Could the records below be restated word for word, without a single picture?

===== Given records

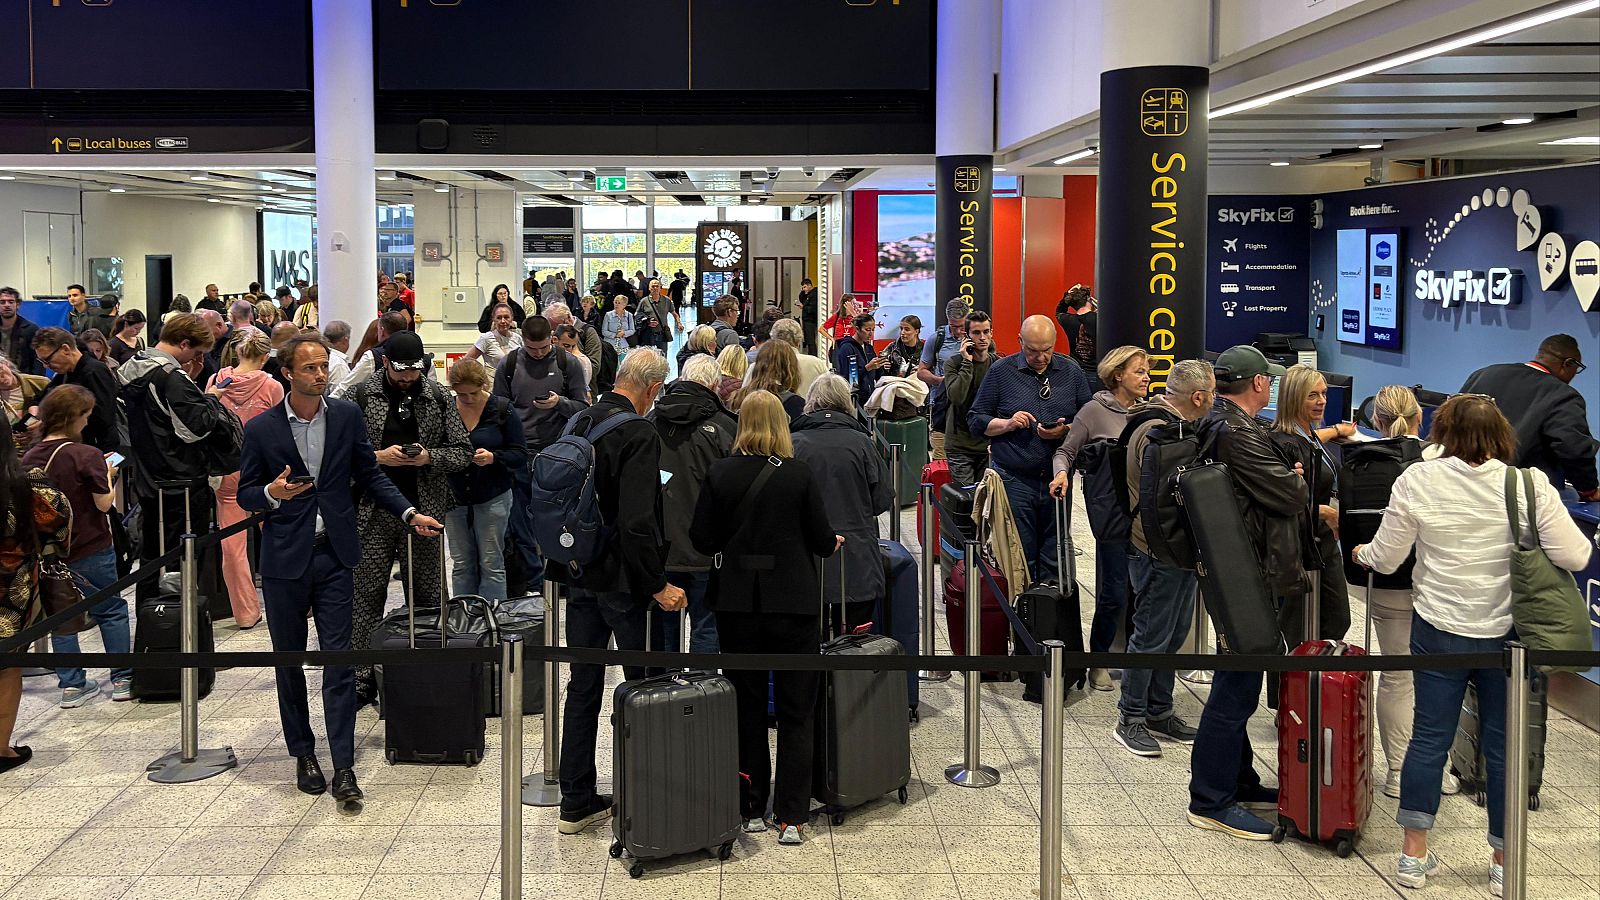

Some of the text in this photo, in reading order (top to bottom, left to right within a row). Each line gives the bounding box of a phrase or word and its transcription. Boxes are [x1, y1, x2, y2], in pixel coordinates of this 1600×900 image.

[85, 137, 152, 149] Local buses
[1218, 208, 1276, 226] SkyFix
[1350, 206, 1365, 217] Book
[1366, 205, 1380, 215] here
[1150, 152, 1187, 296] Service
[703, 228, 743, 254] BLACK SHEEP
[1245, 243, 1268, 251] Flights
[712, 251, 742, 268] COFFEE
[959, 200, 979, 313] Service ce
[270, 249, 311, 290] M&S
[1245, 263, 1297, 271] Accommodation
[1245, 284, 1276, 293] Transport
[1415, 269, 1486, 309] SkyFix
[1259, 305, 1288, 313] Property
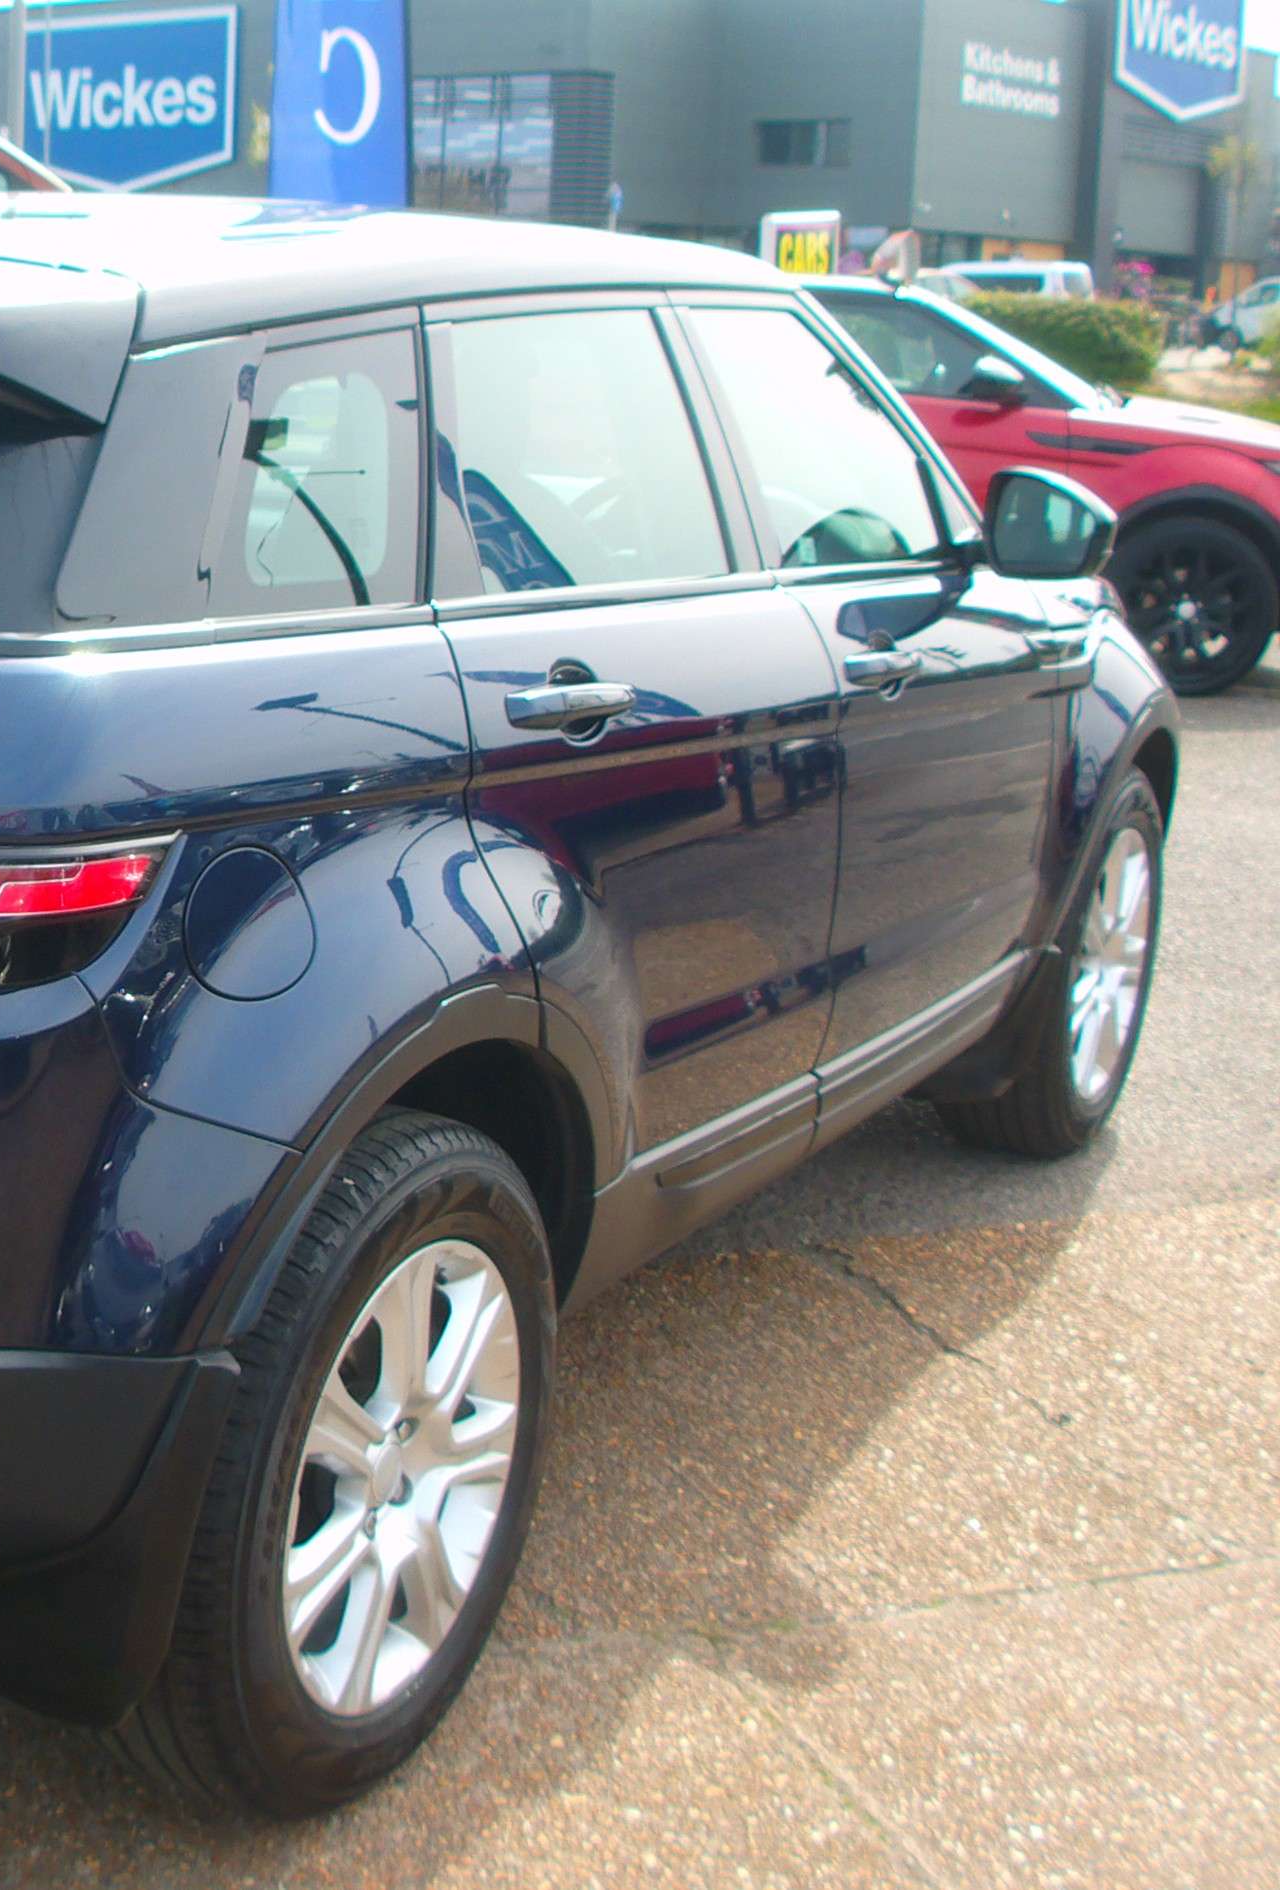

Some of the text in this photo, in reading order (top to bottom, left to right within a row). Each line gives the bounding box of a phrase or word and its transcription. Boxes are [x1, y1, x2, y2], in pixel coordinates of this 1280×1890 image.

[1129, 0, 1238, 70] Wickes
[963, 41, 1060, 87] Kitchens &
[29, 64, 217, 130] Wickes
[961, 73, 1060, 119] Bathrooms
[779, 231, 830, 275] CARS

==========

* **Answer space**
Some of the text in this photo, in reading order (top to bottom, left to right within a row). Each line gives the bounding box of a phrase or word and its transcription. Boxes are [x1, y1, x2, y2], in pixel coordinates of this 1600×900 image.

[85, 137, 152, 149] Local buses
[1218, 208, 1276, 226] SkyFix
[1350, 206, 1365, 217] Book
[1366, 205, 1380, 215] here
[1150, 152, 1187, 296] Service
[703, 228, 743, 254] BLACK SHEEP
[1245, 243, 1268, 251] Flights
[712, 251, 742, 268] COFFEE
[959, 200, 979, 313] Service ce
[270, 249, 311, 290] M&S
[1245, 263, 1297, 271] Accommodation
[1245, 284, 1276, 293] Transport
[1415, 269, 1486, 309] SkyFix
[1259, 305, 1288, 313] Property

Some of the text in this photo, in reading order (top to bottom, left to right within a row). Each line gives the bounding box of a phrase or word and its transcription. Boxes are [x1, y1, x2, y2], in pixel coordinates of this 1280×1890 image.

[1129, 0, 1238, 70] Wickes
[963, 41, 1060, 87] Kitchens &
[29, 64, 217, 130] Wickes
[961, 73, 1060, 119] Bathrooms
[779, 231, 830, 275] CARS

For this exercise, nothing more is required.